Isso tem afetado até mesmo a vida dos cristãos, através das pregações. “Por isso precisamos entender a história toda. A vida não é um retrato, é um filme, e esse filme tem uma sequência que precisa ser vista, analisada e percebida”, sublinhou. “Inclusive, essa é a forma bíblica de ver os acontecimentos e que nos ensina a ver os fatos não como isolados, mas como elementos em cadeia que afetam o nosso futuro”, resumiu.

Humanismo secular

Sendo provavelmente um ateu, Friedrich Nietzsche avaliou os resultados da pós-verdade dentro do contexto religioso. “Ele relatou quando a sociedade retirou Deus do cenário da vida humana. Foi quando ele anunciou a ‘morte de Deus’, mas na época, a humanidade não percebeu a consequência desse pensamento”, disse.
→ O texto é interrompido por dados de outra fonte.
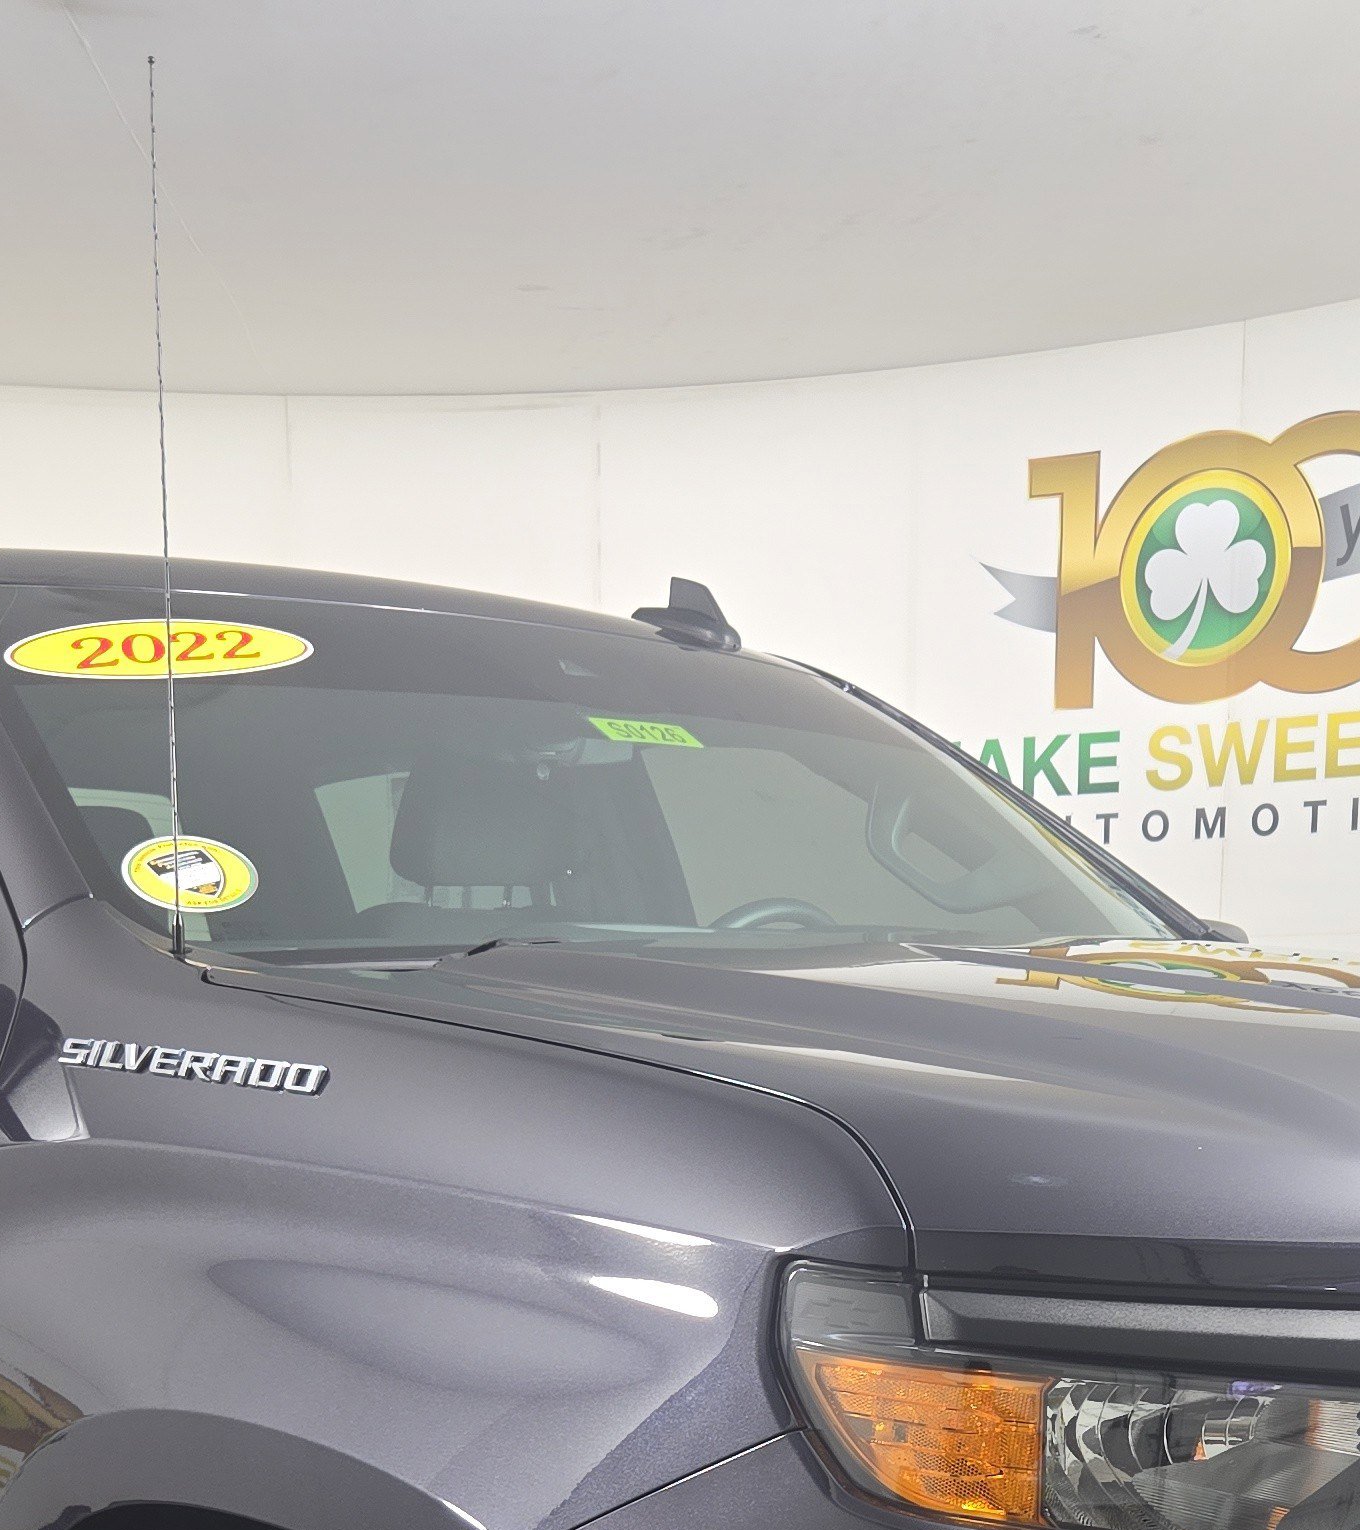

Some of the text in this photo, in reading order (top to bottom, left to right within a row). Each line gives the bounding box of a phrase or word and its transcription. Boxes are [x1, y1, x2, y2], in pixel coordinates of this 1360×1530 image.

[71, 630, 261, 669] 2022
[952, 730, 1121, 798] AKE
[58, 1038, 330, 1097] SILVERADO
A consequência é que até os dias de hoje, a dor de supostamente ter matado Deus “filosoficamente” foi grande demais para que a humanidade pudesse suportar. “E com o nascimento da modernidade, a religião deixou de dominar. Os preceitos religiosos deixaram de ser relevantes para o cidadão comum”, explicou.

Então veio o niilismo, doutrina filosófica reconhecida como uma visão cética e radical que desvaloriza o sentido das coisas, aniquilando valores e convicções. A palavra niilismo vem do latim “nihil” e quer dizer “nada”. Ou seja, para um niilista não existe verdade absoluta e tudo é relativo.

“As pessoas se iludem achando que não existe nada superior a elas mesmas, já que acreditam ser fruto da evolução das espécies ou acham que viemos de uma bactéria primordial através de simples primatas”, lembrou.

Pós-verdade ligada à pós-modernidade

Rodrigo alerta para a pós-verdade mascarada e que é exposta na mídia, diariamente. “Em filmes, novelas, músicas, minisséries e desenhos infantis encontramos muitas ideologias que não são denunciadas porque parecem bonitinhas”, apontou.

“Não sejamos ingênuos, dizem que há preconceito contra certos grupos sociais, mas eles promovem a vitimização contra as minorias. Eles não querem apenas o direito de existir, mas querem dominar. Não querem ser respeitados, eles querem fazer discípulos”, advertiu.

“Esses lobos travestidos de cordeiros estão usando a mídia para dizer que as verdades bíblicas estão ultrapassadas”, acrescentou. O arqueólogo acredita que é necessário refletir seriamente sobre o tempo em que vivemos. “O anticristo usar essa mesma máquina política e midiática para impor o seu sistema às massas. Está no Apocalipse”, asseverou.

“Estamos na era pós-cristã, num mundo pós-moderno sob o efeito da pós-verdade. Vivemos um tempo em que se fala muito em liberalismo, banalização da vida, incentivo ao aborto, crime, violência, corrupção, promiscuidade sexual”, assinalou.

Essa ideia de que “não importa no que você acredita desde que seja sincero” é muito perigosa se levada ao extremo, como tem muita gente fazendo por aí. “Vivemos num censo de moralidade que não é mais aquele que um dia possuímos. Meu alerta é esse: cuidado redobrado!”, conclui.